§ Exercise aim
In the copy, keep every word of the data below and none of its pictures.

Saved entries:
----

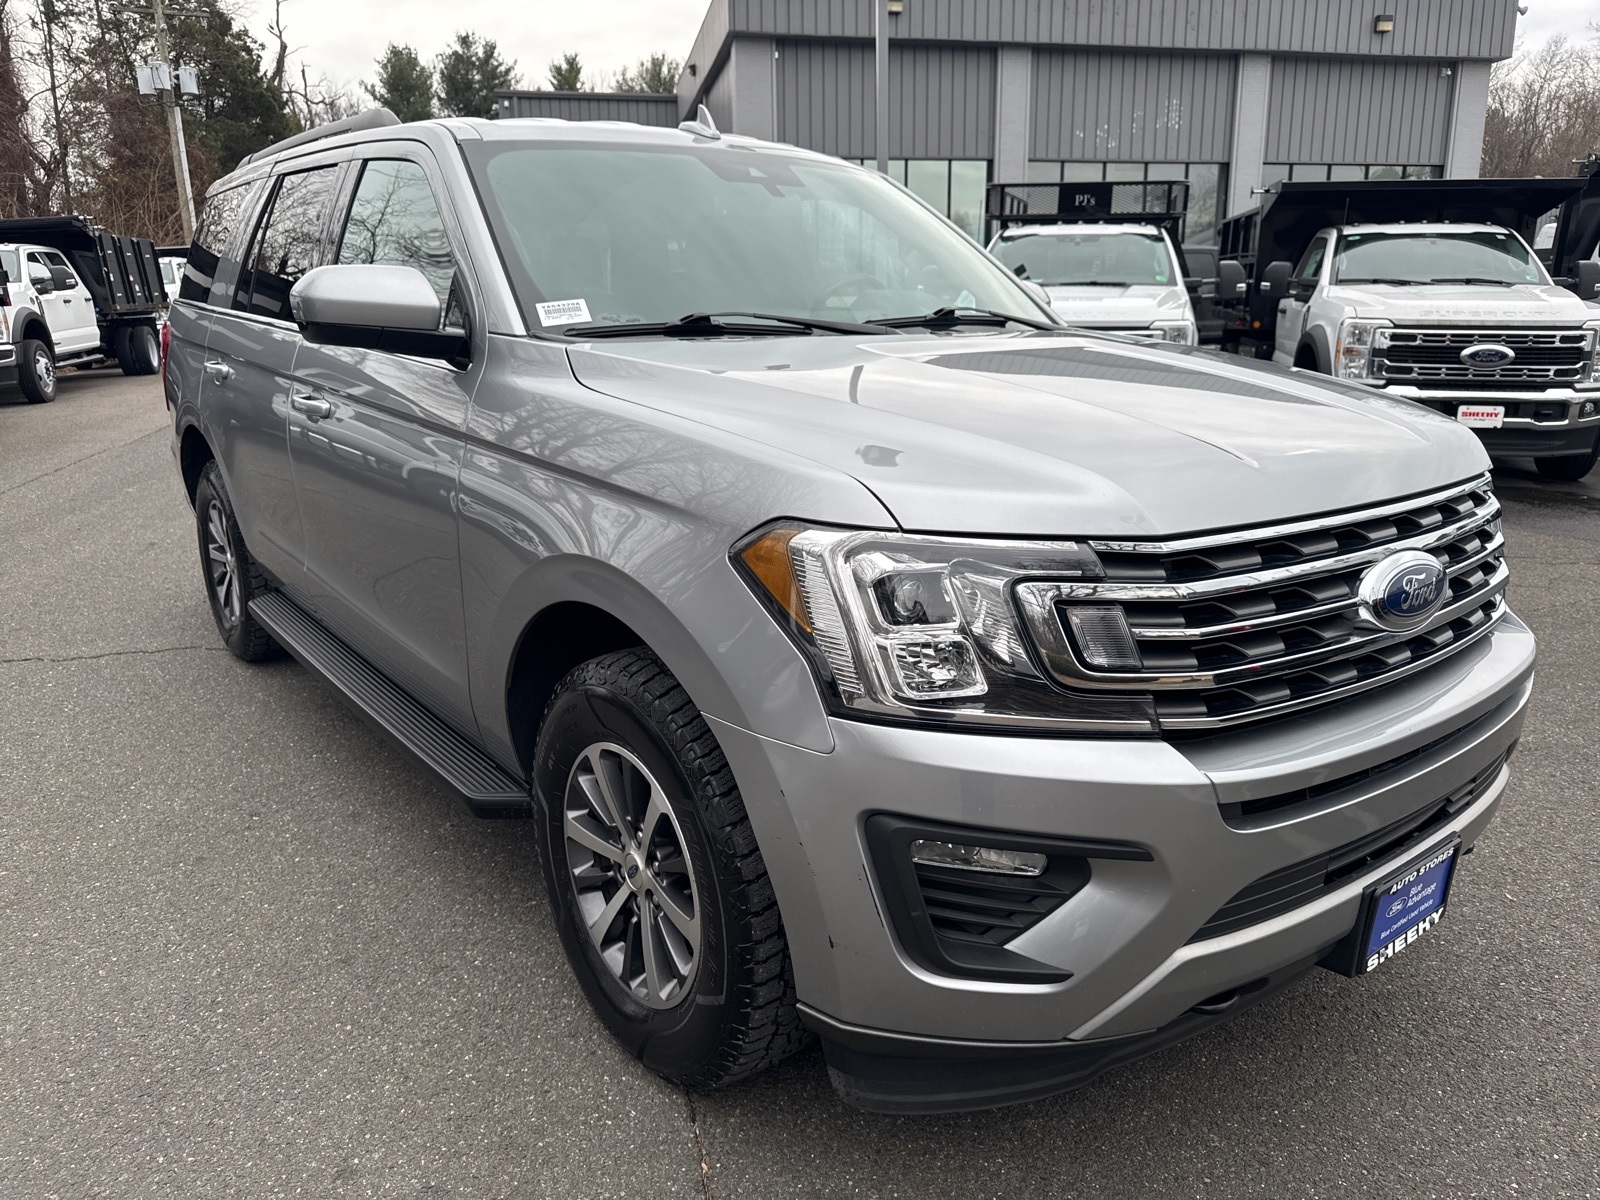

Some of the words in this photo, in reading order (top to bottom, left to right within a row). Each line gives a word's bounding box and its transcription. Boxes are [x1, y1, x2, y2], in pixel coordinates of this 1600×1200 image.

[1075, 194, 1096, 206] PJ's
[1475, 350, 1502, 362] Ford
[1400, 572, 1437, 611] Ford
[1390, 871, 1418, 895] AUTO
[1418, 847, 1454, 876] STORES
[1406, 882, 1437, 908] Advantage
[1409, 882, 1423, 897] Blue
[1366, 907, 1444, 972] SHEEHY
[1380, 929, 1390, 940] Blue

----

§ Answer to this task
Some of the words in this photo, in reading order (top to bottom, left to right within a row). Each line gives a word's bounding box and its transcription. Boxes are [x1, y1, x2, y2], in pixel coordinates of this 1600×1200 image.

[1075, 194, 1096, 206] PJ's
[1475, 350, 1502, 362] Ford
[1400, 572, 1437, 611] Ford
[1390, 871, 1418, 895] AUTO
[1418, 847, 1454, 876] STORES
[1406, 882, 1437, 908] Advantage
[1409, 882, 1423, 897] Blue
[1366, 907, 1444, 972] SHEEHY
[1380, 929, 1390, 940] Blue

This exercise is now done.